Billy Scripture was a standout baseball player at Wake Forest from 1962-64. Scripture was a first team All-America outfielder for the Deacons in the 1963 and 1964 and was a leader on those teams that found considerable success.

His three varsity years included an overall mark of 71-29 and a pair of Atlantic Coast Conference championships and NCAA Tournament appearances in 1962 and 1963.. All three years at Wake Forest, he was selected to the All-ACC team. In 1964, as a senior, he was the club's Most Valuable Player.

Scripture hit .360 with 13 home runs and 54 RBI in 1963, leading the ACC in both home runs and RBI.

After a nine-year Minor League career with the Baltimore Orioles and New York Mets, Scripture was hired by the Kansas City Royals in 1973.

He began as a Minor League manager, eventually earning the title of Coordinator of Instruction for that system. Scripture later worked in the Pittsburgh organization.

Billy Scripture was inducted into the WFU Sports Hall of Fame on September 19, 1987. He was selected to the ACC's

Curtis Strange

Curtis Strange won championships in college and in the professional ranks with a competiveness and style that makes him one of Wake Forest's best all-time athletes.

As a collegiate golfer, Strange helped Wake to the 1974 NCAA championship. He was also a three-time All-America selection. Strange continued his success at the amateur level, with two North and South Amateur wins, a Western Amateur and Eastern Amateur all in 1974 and 1975. He was the top scorer on the U.S. Walker Cup team in `75.
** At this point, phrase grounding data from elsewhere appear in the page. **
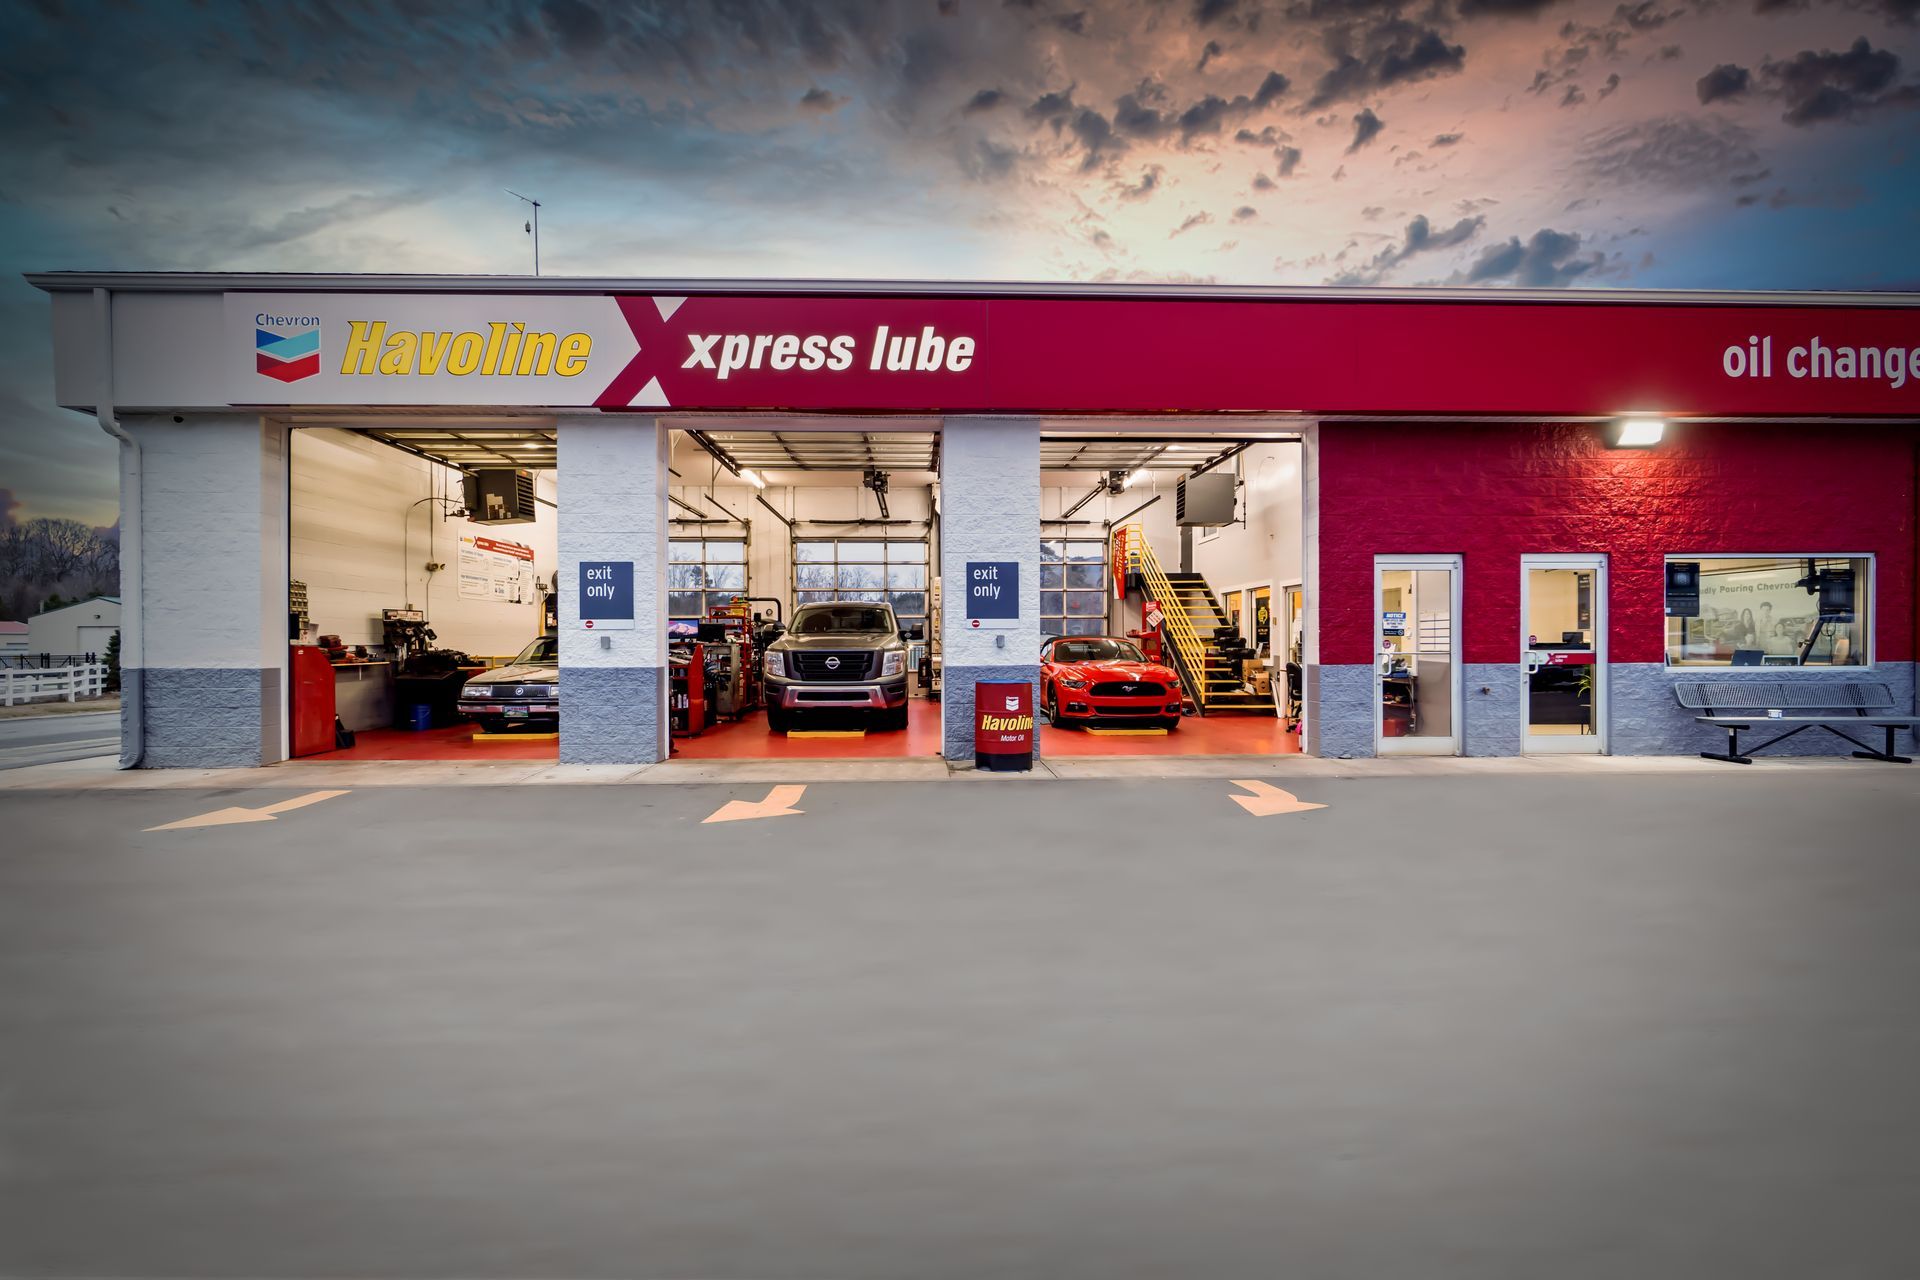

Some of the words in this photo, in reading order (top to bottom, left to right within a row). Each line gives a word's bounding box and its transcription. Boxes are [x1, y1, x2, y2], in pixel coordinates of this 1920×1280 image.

[255, 313, 320, 327] Chevron
[340, 320, 593, 378] Havoline
[681, 333, 856, 380] xpress
[869, 325, 976, 373] lube
[1723, 335, 1772, 378] oil
[587, 565, 612, 580] exit
[973, 565, 998, 580] exit
[587, 583, 615, 600] only
[973, 583, 1001, 600] only
[1719, 585, 1754, 593] Pouring
[1756, 582, 1796, 591] Chevron
[1000, 734, 1017, 742] Motor
[1017, 734, 1025, 742] Oil
Strange was the youngest recipient of Wake Forest's Arnold Palmer Award before joining the PGA Tour following his junior season.

As a professional, Strange was one of the best golfers in the 1980s, winning 16 times on the PGA Tour. Two of those wins were U.S. Open titles in 1988 and 1989, considered the toughest tournament in professional golf. He remains the only man to win the Open in consecutive years since Ben Hogan in 1950-51.

Strange has 28 professional victories in his career. Strange also continued his success in team golf, as he played on five Ryder Cup teams and captained the 2002 squad at the Belfry.

Strange was inducted into the World Golf Hall of Fame on November 12, 2007.